ASSIGNED TASK:
Starting with the line with "this 1600×1200 image." in the entries below and going on through the line with "this 1620×1080 image.", output every line exactly and nothing more. No pictures.

EXCERPTED DATA:
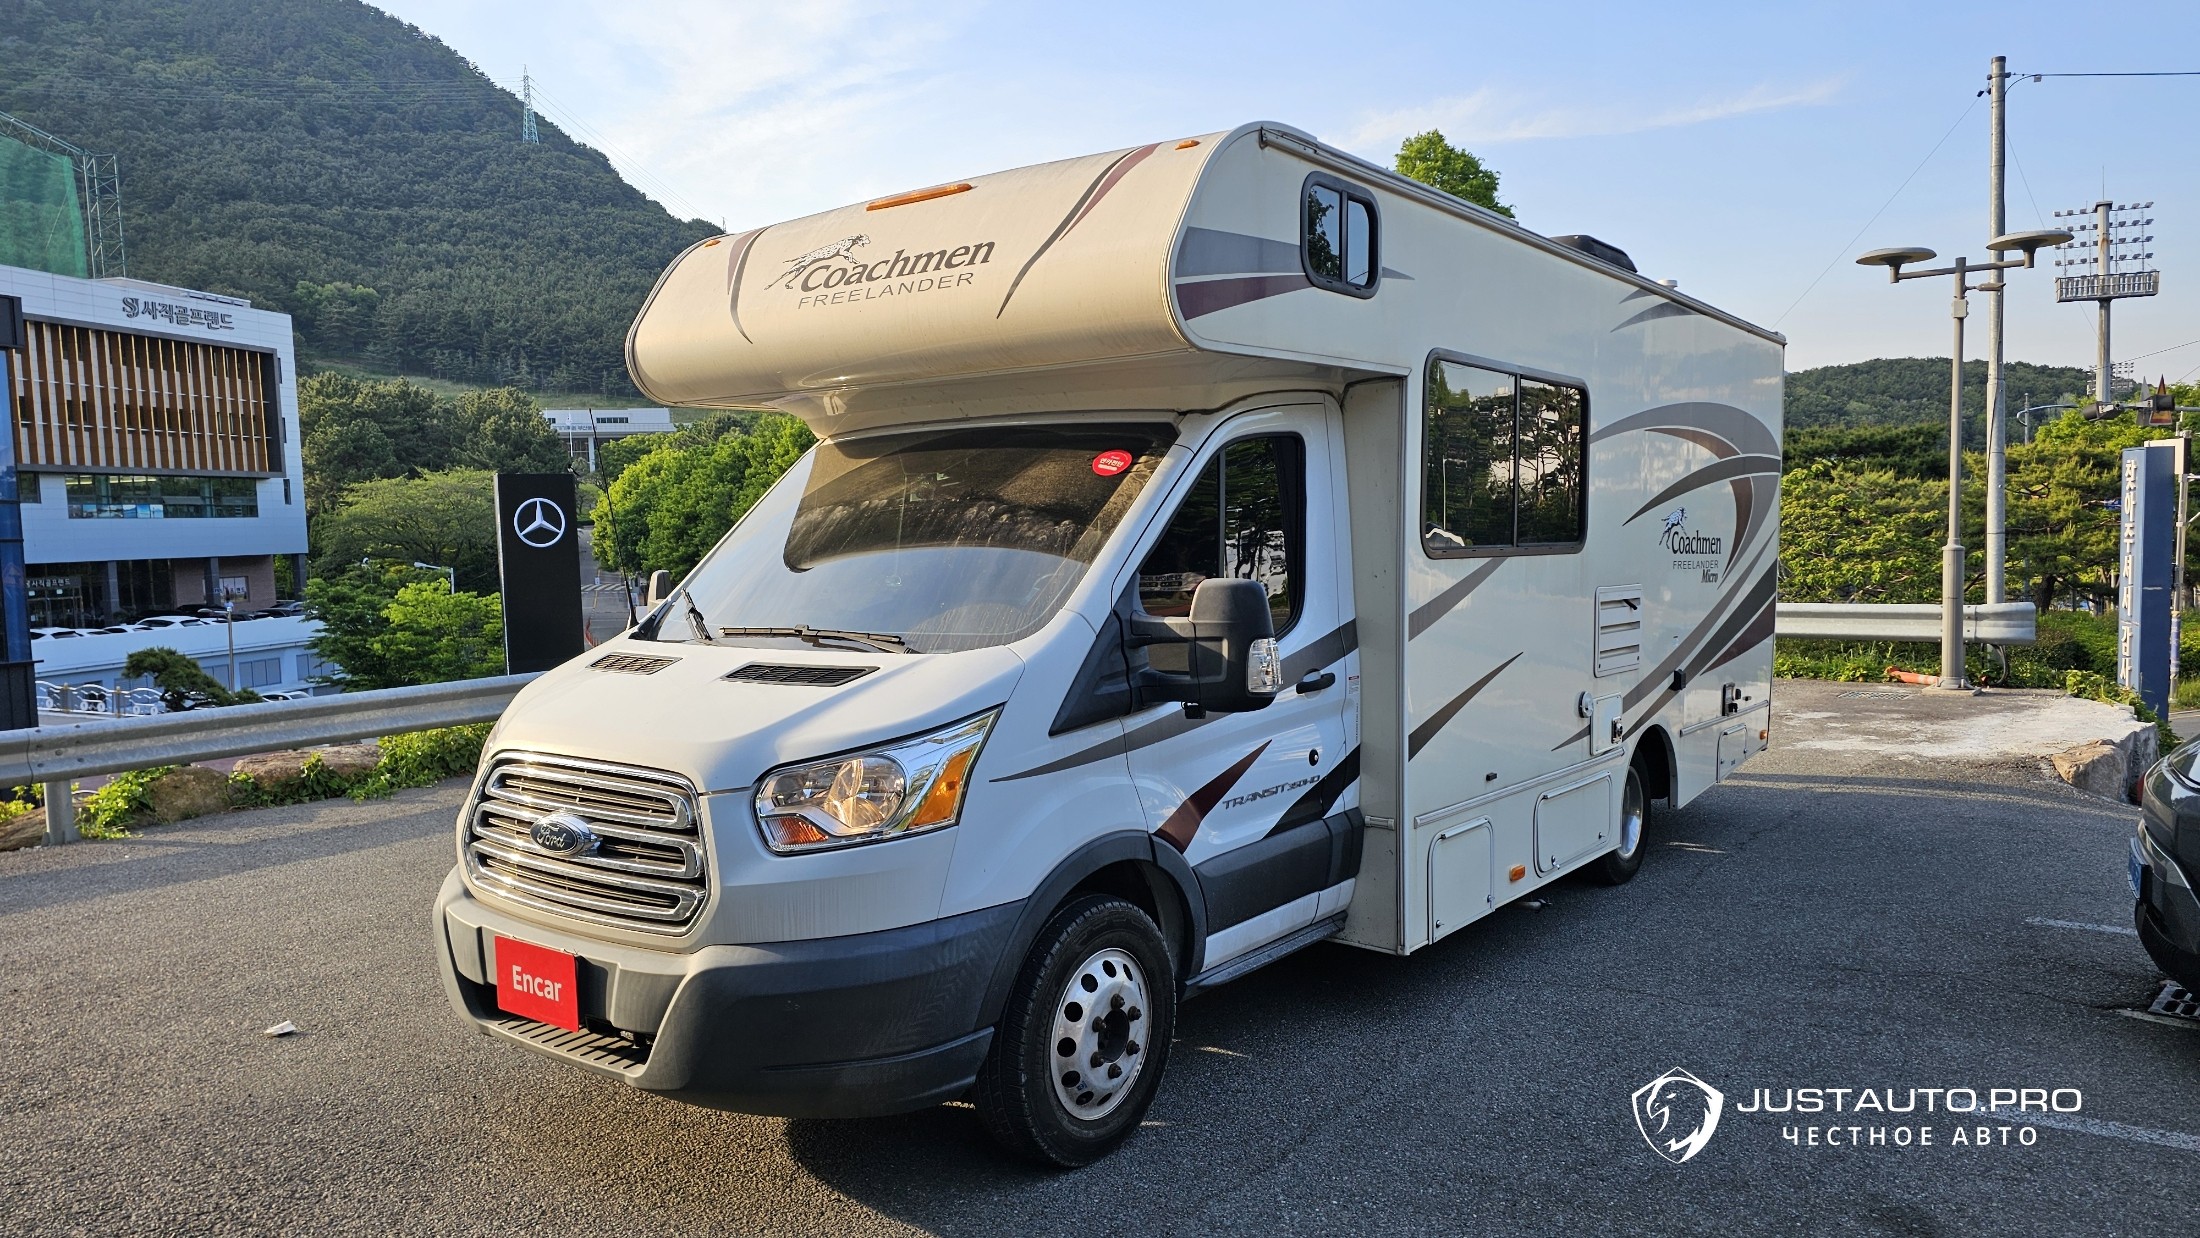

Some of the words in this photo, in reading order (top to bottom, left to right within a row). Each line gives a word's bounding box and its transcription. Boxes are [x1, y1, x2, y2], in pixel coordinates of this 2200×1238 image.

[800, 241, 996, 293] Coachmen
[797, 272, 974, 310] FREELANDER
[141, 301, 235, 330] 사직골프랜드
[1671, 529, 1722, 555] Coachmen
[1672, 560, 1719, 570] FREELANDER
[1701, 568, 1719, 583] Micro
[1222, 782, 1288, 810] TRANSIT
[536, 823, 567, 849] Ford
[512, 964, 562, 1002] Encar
* * *
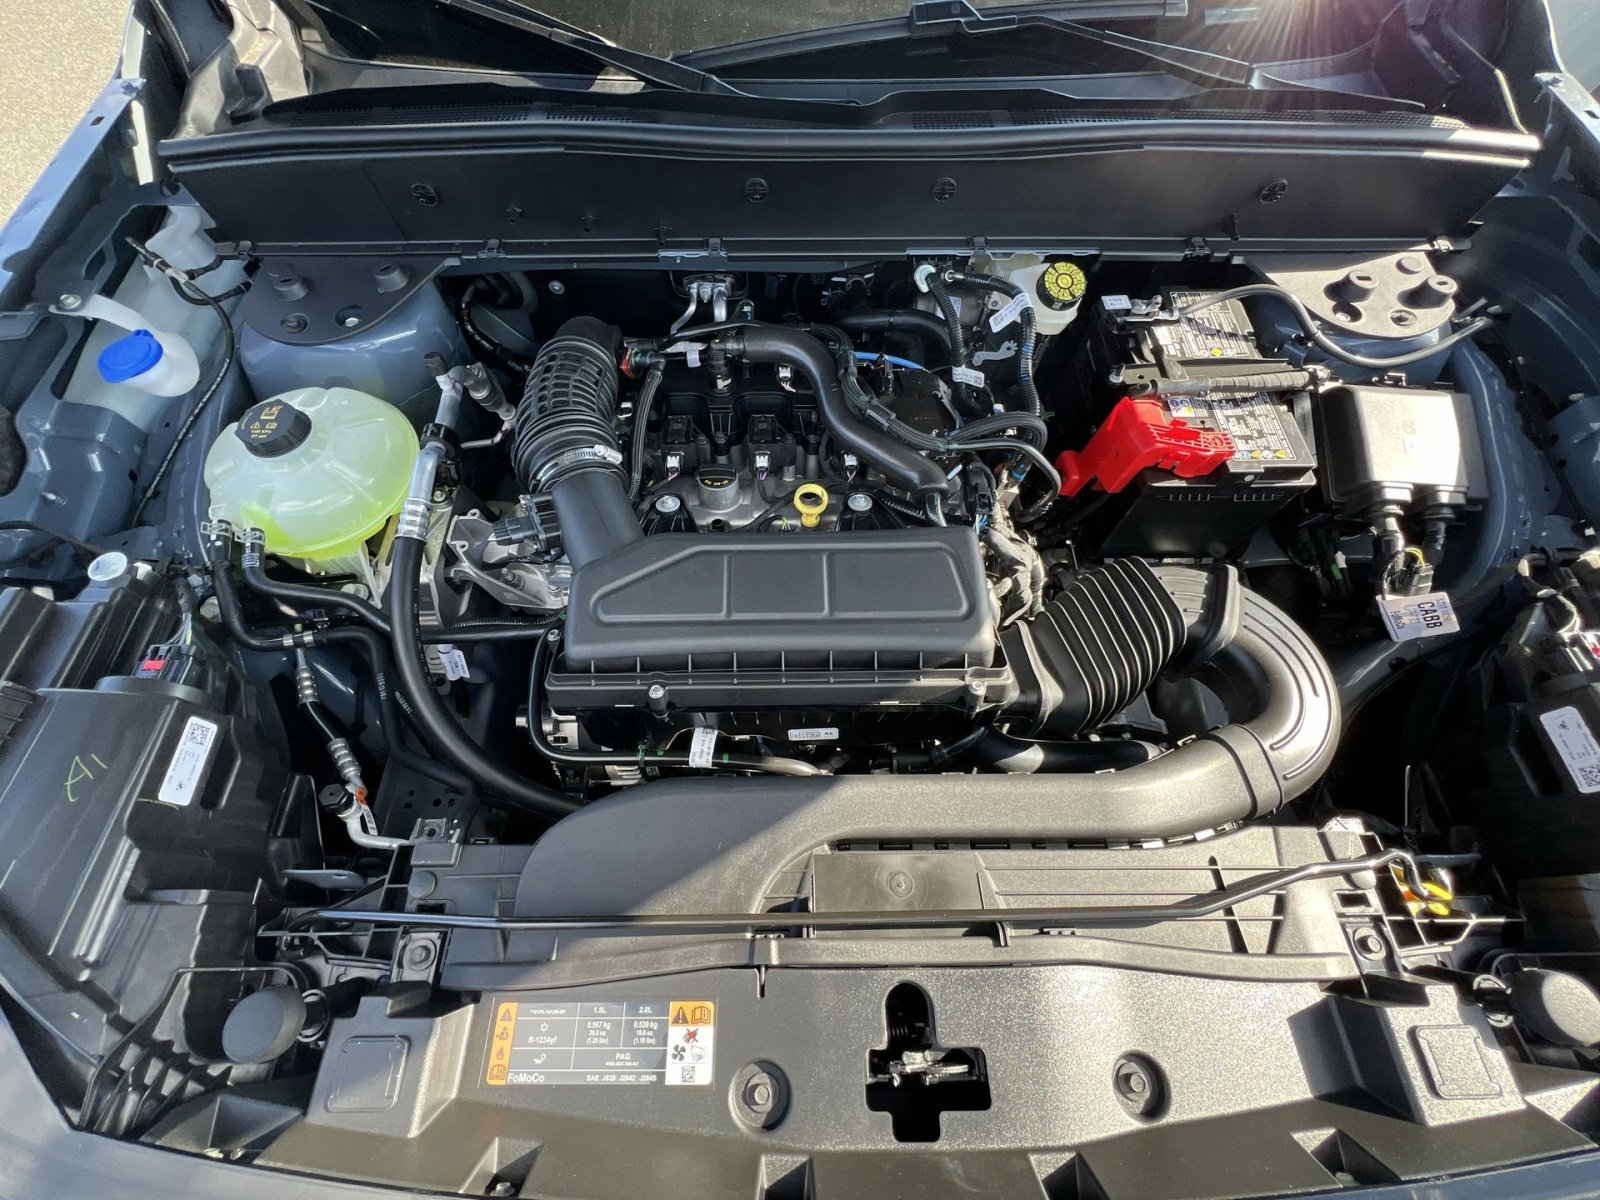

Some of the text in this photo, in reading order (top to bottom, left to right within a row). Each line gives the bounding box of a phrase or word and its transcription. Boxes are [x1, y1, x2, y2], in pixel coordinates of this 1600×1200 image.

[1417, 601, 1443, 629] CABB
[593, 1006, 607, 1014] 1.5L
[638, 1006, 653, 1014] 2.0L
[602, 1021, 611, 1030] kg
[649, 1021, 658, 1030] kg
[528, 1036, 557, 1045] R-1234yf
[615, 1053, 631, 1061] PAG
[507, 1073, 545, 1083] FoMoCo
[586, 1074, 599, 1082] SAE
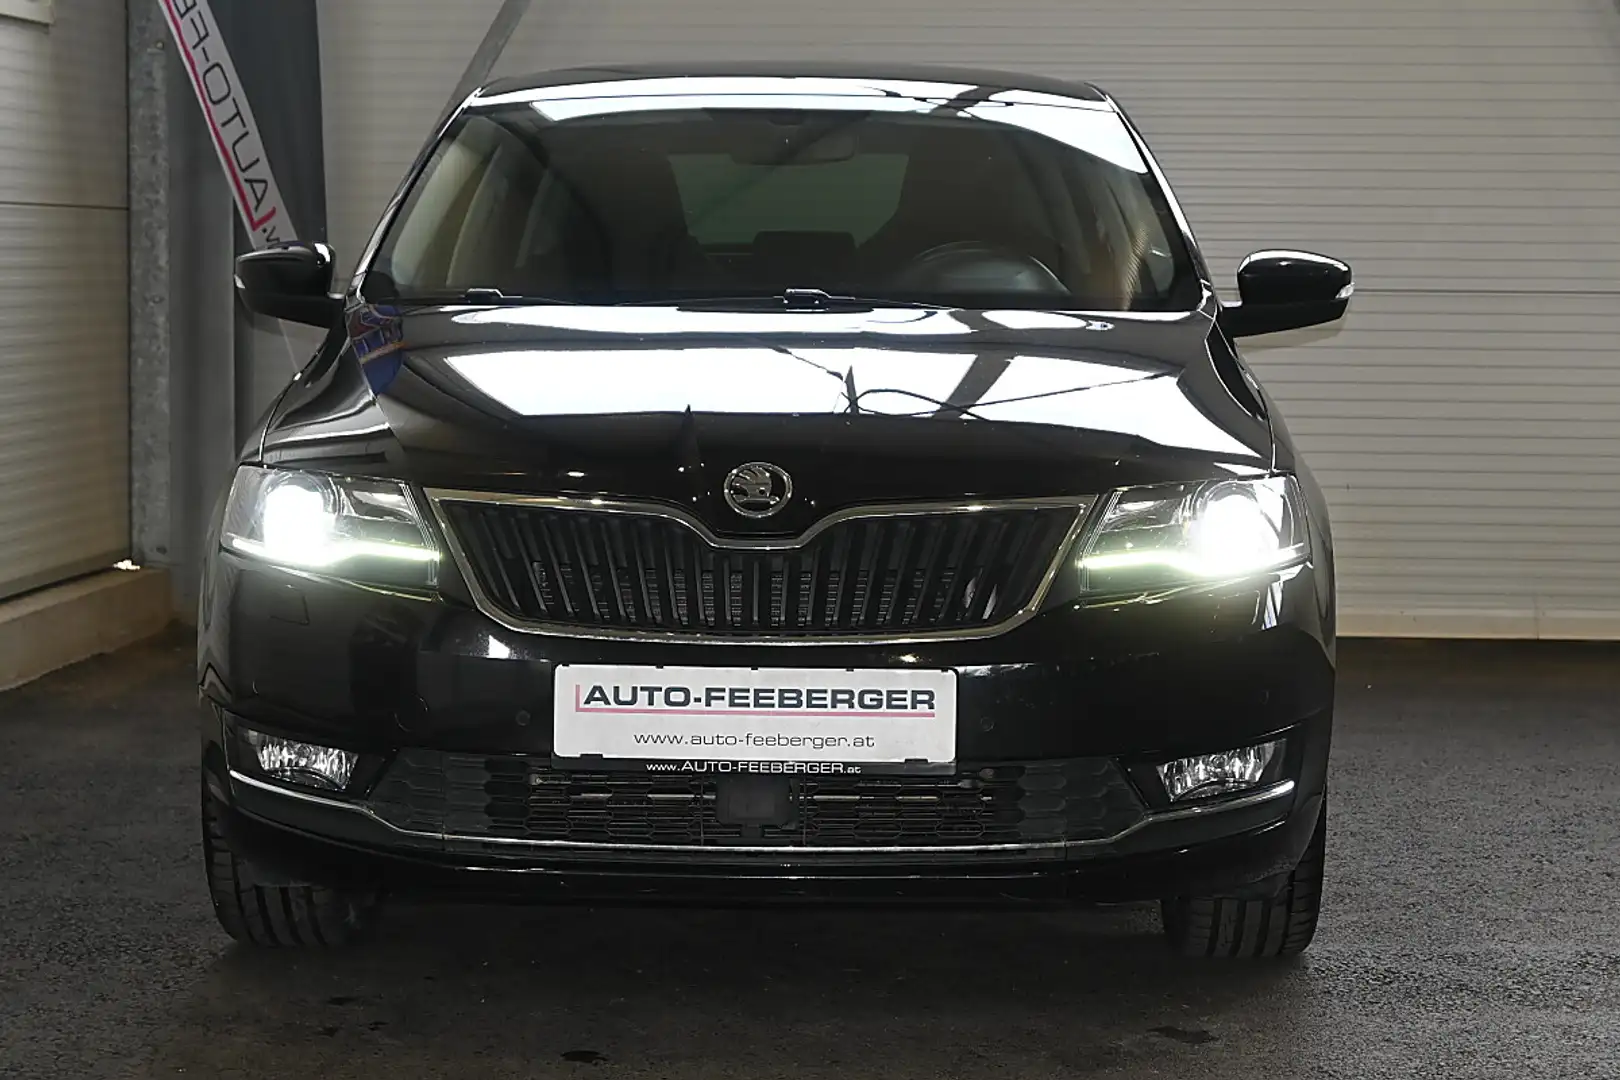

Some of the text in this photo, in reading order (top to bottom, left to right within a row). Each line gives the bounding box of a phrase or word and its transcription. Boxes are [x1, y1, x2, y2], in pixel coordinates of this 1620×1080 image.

EXERCISE OUTPUT:
Some of the text in this photo, in reading order (top to bottom, left to right within a row). Each line gives the bounding box of a phrase or word and its transcription. Boxes are [x1, y1, x2, y2], in pixel coordinates of this 1600×1200 image.

[1417, 601, 1443, 629] CABB
[593, 1006, 607, 1014] 1.5L
[638, 1006, 653, 1014] 2.0L
[602, 1021, 611, 1030] kg
[649, 1021, 658, 1030] kg
[528, 1036, 557, 1045] R-1234yf
[615, 1053, 631, 1061] PAG
[507, 1073, 545, 1083] FoMoCo
[586, 1074, 599, 1082] SAE

Some of the text in this photo, in reading order (top to bottom, left to right within a row). Each line gives the bounding box of a phrase or word and its transcription. Boxes are [x1, y1, x2, y2], in pixel coordinates of this 1620×1080 image.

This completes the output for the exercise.